Building AI-Powered Applications: Lessons from the Trenches

Source: Dev.to

Introduction

After shipping multiple AI‑powered products at Aura Technologies, we’ve learned hard lessons about what actually works in production. This isn’t theory — it’s what we discovered by breaking things in the field.

Common Pitfalls When Shipping AI

• Demo‑first mindset – A weekend AI demo works great on the happy path, impresses stakeholders, and then collapses when shipped.
• Edge cases – Unexpected inputs break everything.
• Latency – Acceptable in demos but frustrating for real users.
• Cost – Scales dramatically with real usage.
• Hallucinations – Funny in testing, embarrassing with customers.

What we do now: Build for production from day one. Every feature is stress‑tested with adversarial inputs before any demo is shown.

Prompt Engineering as Code

We initially treated prompts as an afterthought, iterating until the output looked right. That was a mistake. Prompts are code and need the same rigor:

• Version control
• Automated testing
• Documentation
• Review processes (pull‑request workflow)

A single‑word change can improve accuracy by 20 % or break a feature entirely.

What we do now: Store prompts in the same repository as the rest of the code and require PR review for any change.

Designing for Bad User Inputs

We assumed users would figure out how to prompt our AI effectively. They didn’t. Real inputs are often:

• Vague (“make it better”)
• Missing required context
• Poorly formatted
• In the wrong language

What we do now:

• Design interfaces that anticipate bad inputs.
• Add clarifying questions.
• Provide examples and guidance to steer users toward effective interactions.

Retrieval‑Augmented Generation (RAG)

In RAG systems, the retrieval step sets the ceiling for quality. Fetching the wrong documents means even the best language model can’t help.

What we do now:

• Measure retrieval quality independently.
• Track relevance, recall, and precision metrics.
• Optimize retrieval before focusing on generation.

Latency Perception and Streaming

The difference between waiting 10 seconds for a response and seeing text appear instantly is huge for user experience, even if total time is the same.

What we do now: Stream outputs by default so users see real‑time text as it’s generated.

Caching to Reduce Costs and Latency

API costs and latency add up quickly. Effective caching solves both problems.

We cache at multiple levels:

1. Exact‑match cache – Same input → same output.
2. Semantic similarity cache – Similar inputs reuse relevant work.
3. Embedding cache – Avoid re‑embedding identical content.

One product saw a 70 % reduction in API costs after implementing proper caching.

Robust Error Handling

AI systems fail in strange ways: unexpected output formats, API timeouts, rate‑limit hits, or content‑filter triggers. Generic “An error occurred” messages are unacceptable.

What we do now:

• Graceful degradation when possible.
• Clear error messages that explain what happened and how to proceed.
• Automatic retries with exponential backoff.
• Fallback behaviors for common failure modes.

Evaluating AI Quality

Traditional software has clear pass/fail tests, but AI outputs exist on a spectrum. Two responses can both be “correct,” yet one is clearly better.

What we do now:

• Build evaluation datasets for each use case.
• Use LLM‑as‑judge for scalable evaluation.
• Track metrics over time to catch regressions.
• Conduct regular human‑evaluation sprints.

Human‑in‑the‑Loop (HITL)

Automating everything end‑to‑end is tempting but usually wrong, especially early on.

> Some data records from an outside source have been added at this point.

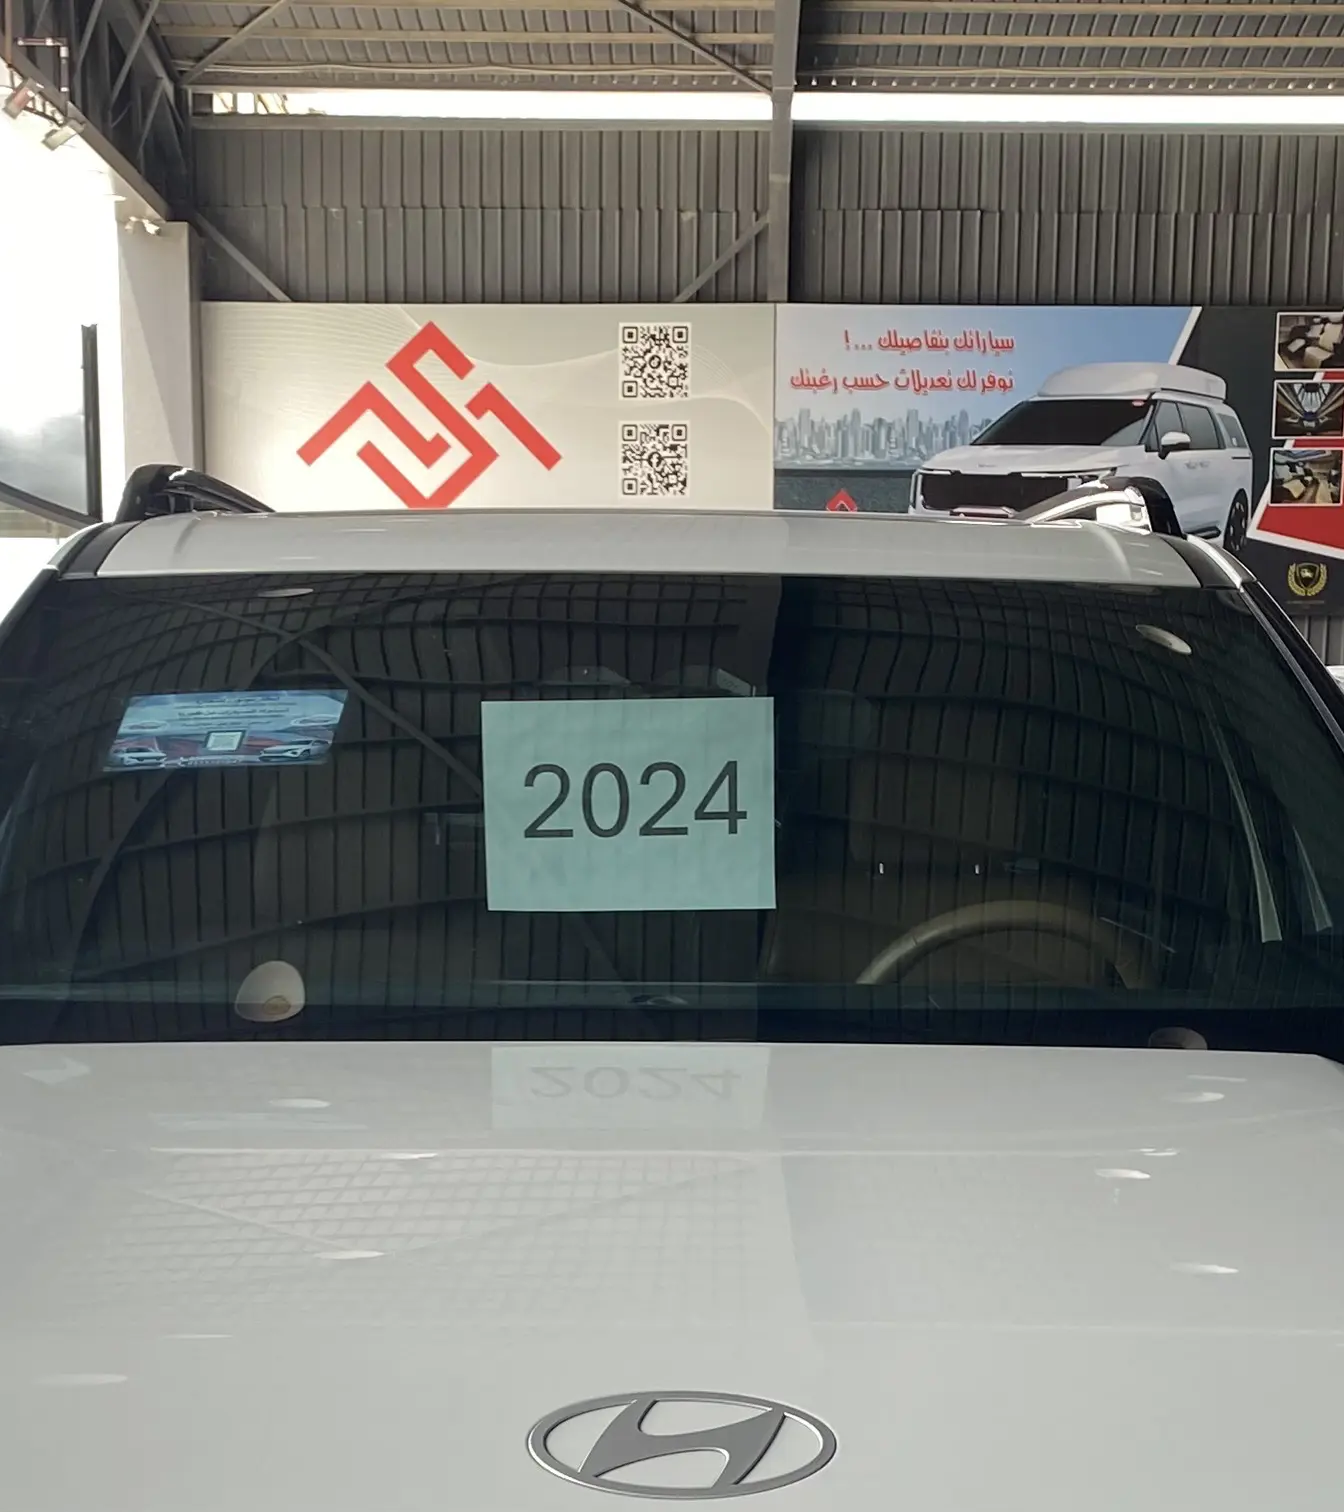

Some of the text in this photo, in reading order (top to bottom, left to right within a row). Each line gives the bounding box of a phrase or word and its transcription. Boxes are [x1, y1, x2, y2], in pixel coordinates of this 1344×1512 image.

[790, 367, 838, 395] رغبتك
[842, 372, 890, 395] حسب
[894, 368, 953, 396] تعديلات
[956, 369, 976, 390] لك
[523, 759, 749, 840] 2024

Starting with humans in the loop lets you:

• Catch errors before they reach users.
• Generate training data from corrections.
• Understand failure modes.
• Build trust with stakeholders.

Model Selection vs. System Design

We assumed that picking the “best” model (GPT‑4, Claude, Gemini, open‑source) was the key decision. In practice, other factors matter more:

• Quality of training/retrieval data
• Understanding of user needs
• Prompt engineering
• System design and error handling
• UX that guides users to successful interactions

A well‑designed system with a “worse” model often outperforms a poorly designed system with the best model.

Conclusion

The biggest lesson? You can’t learn this stuff in theory. You have to ship, see how things break, and fix them. At Aura Technologies we’re applying these lessons to build AI products that actually work in production. If you’re on a similar journey, we’d love to hear what you’re learning.